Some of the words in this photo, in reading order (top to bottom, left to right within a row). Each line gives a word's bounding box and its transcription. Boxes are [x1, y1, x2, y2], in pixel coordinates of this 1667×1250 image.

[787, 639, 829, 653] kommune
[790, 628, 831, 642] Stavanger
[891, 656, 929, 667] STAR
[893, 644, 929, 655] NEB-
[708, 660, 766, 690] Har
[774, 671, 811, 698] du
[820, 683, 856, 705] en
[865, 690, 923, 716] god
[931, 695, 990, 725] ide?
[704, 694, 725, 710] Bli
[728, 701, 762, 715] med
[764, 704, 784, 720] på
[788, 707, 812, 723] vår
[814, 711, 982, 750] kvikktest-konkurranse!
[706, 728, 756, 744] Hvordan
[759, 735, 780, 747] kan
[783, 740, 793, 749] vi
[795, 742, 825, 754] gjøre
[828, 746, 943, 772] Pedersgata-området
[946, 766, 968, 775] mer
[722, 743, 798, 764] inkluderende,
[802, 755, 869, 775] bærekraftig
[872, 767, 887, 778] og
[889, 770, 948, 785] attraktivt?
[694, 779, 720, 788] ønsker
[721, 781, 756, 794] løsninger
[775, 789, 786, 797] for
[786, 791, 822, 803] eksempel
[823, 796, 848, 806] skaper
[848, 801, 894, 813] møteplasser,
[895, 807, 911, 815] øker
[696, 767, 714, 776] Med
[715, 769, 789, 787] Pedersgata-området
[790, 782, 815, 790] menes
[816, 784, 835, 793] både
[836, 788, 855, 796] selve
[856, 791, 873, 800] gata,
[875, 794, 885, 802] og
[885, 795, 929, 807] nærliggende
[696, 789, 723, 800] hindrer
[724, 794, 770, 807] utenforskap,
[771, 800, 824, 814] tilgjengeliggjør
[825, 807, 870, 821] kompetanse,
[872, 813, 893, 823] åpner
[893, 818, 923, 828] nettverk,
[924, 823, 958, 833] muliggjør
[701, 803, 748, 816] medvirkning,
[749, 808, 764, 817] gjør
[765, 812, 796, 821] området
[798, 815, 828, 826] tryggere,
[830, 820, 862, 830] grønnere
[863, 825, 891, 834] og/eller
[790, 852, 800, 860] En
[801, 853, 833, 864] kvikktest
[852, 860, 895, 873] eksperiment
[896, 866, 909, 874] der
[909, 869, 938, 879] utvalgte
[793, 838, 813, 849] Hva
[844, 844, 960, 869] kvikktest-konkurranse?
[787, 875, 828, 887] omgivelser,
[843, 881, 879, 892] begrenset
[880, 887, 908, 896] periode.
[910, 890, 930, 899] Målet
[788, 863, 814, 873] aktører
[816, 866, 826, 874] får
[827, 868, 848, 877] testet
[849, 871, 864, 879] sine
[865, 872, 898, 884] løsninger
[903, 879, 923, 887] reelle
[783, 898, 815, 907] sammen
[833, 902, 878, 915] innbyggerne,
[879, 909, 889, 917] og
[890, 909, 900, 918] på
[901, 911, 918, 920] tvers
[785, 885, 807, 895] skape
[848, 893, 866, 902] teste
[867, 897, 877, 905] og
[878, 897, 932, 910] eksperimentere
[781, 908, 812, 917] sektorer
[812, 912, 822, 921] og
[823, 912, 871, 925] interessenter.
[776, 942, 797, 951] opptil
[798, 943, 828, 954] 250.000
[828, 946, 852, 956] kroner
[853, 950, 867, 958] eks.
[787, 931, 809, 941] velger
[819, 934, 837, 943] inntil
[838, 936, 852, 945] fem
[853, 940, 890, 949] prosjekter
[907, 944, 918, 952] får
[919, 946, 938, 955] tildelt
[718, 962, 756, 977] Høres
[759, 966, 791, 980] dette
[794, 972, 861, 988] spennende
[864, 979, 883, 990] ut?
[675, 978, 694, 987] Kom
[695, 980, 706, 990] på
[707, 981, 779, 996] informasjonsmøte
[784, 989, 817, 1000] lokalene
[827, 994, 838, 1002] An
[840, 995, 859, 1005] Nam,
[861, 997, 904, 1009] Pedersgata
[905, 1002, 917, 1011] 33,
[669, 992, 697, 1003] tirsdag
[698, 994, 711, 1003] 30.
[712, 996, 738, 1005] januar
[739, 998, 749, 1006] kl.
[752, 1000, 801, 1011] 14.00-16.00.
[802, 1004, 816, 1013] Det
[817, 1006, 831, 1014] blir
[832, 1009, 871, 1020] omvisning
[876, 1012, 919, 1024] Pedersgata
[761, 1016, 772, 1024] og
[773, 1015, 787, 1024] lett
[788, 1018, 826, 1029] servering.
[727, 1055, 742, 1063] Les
◆ ◆ ◆ ◆
**Exercise aim**
Reproduce every line from the preceding data in which the word "kvikktest" can be found.

**Output**
[814, 711, 982, 750] kvikktest-konkurranse!
[801, 853, 833, 864] kvikktest
[844, 844, 960, 869] kvikktest-konkurranse?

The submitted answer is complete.